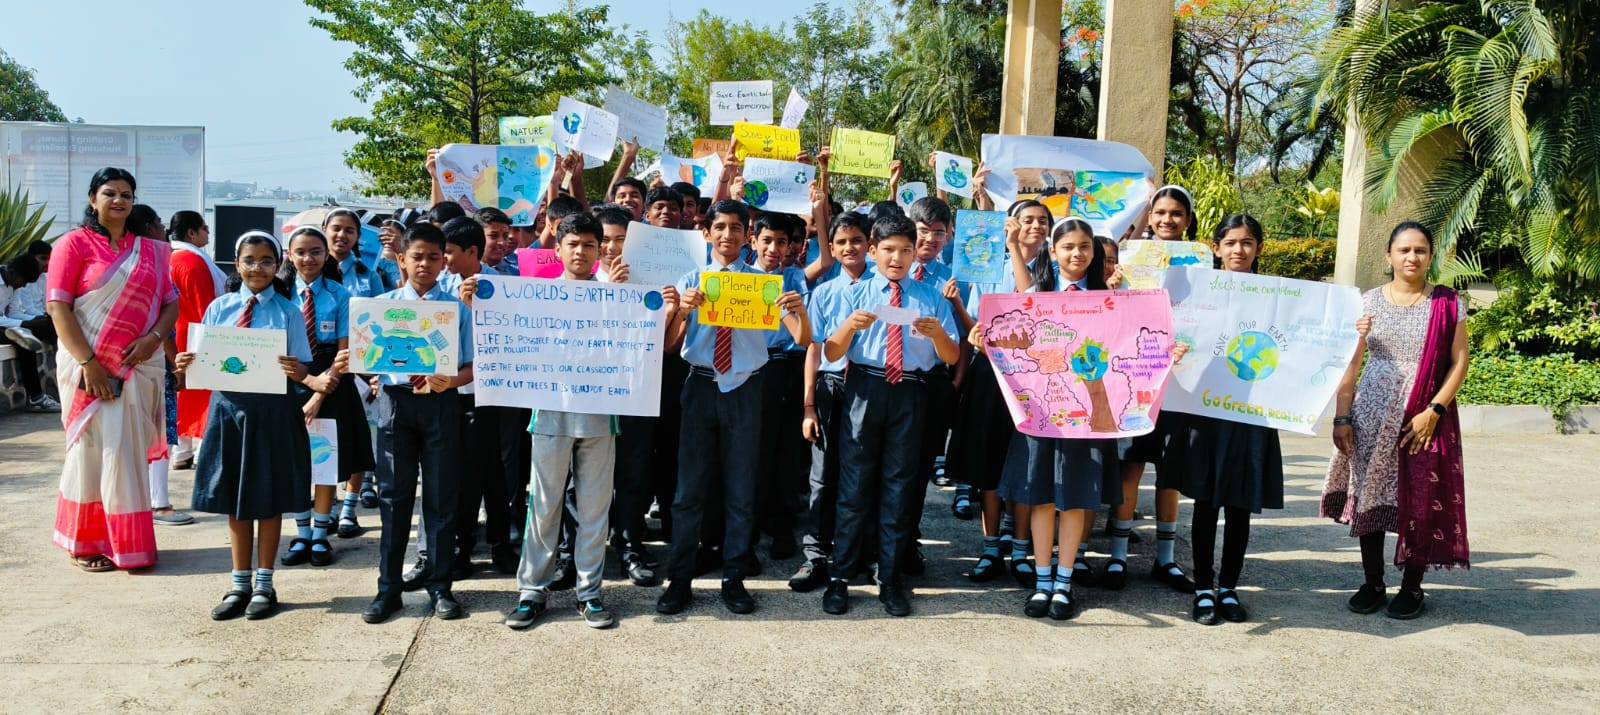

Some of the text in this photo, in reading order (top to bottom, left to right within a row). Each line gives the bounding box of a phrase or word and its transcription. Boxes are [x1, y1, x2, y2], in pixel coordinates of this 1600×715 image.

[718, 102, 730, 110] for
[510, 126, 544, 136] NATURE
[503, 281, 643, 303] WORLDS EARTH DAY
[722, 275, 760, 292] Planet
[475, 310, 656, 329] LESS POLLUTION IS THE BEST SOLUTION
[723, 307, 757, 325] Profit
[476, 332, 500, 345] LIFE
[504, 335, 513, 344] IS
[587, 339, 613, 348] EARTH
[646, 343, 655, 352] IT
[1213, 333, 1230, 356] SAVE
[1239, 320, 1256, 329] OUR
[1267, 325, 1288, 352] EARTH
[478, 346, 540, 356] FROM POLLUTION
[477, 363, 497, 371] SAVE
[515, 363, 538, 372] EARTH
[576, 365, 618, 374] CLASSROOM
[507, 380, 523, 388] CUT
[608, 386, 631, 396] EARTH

Activity =
Return every entry exactly, dropping the pictures.

Expected output =
Some of the text in this photo, in reading order (top to bottom, left to right within a row). Each line gives the bounding box of a phrase or word and its transcription. Boxes are [x1, y1, x2, y2], in pixel coordinates of this 1600×715 image.

[718, 102, 730, 110] for
[510, 126, 544, 136] NATURE
[503, 281, 643, 303] WORLDS EARTH DAY
[722, 275, 760, 292] Planet
[475, 310, 656, 329] LESS POLLUTION IS THE BEST SOLUTION
[723, 307, 757, 325] Profit
[476, 332, 500, 345] LIFE
[504, 335, 513, 344] IS
[587, 339, 613, 348] EARTH
[646, 343, 655, 352] IT
[1213, 333, 1230, 356] SAVE
[1239, 320, 1256, 329] OUR
[1267, 325, 1288, 352] EARTH
[478, 346, 540, 356] FROM POLLUTION
[477, 363, 497, 371] SAVE
[515, 363, 538, 372] EARTH
[576, 365, 618, 374] CLASSROOM
[507, 380, 523, 388] CUT
[608, 386, 631, 396] EARTH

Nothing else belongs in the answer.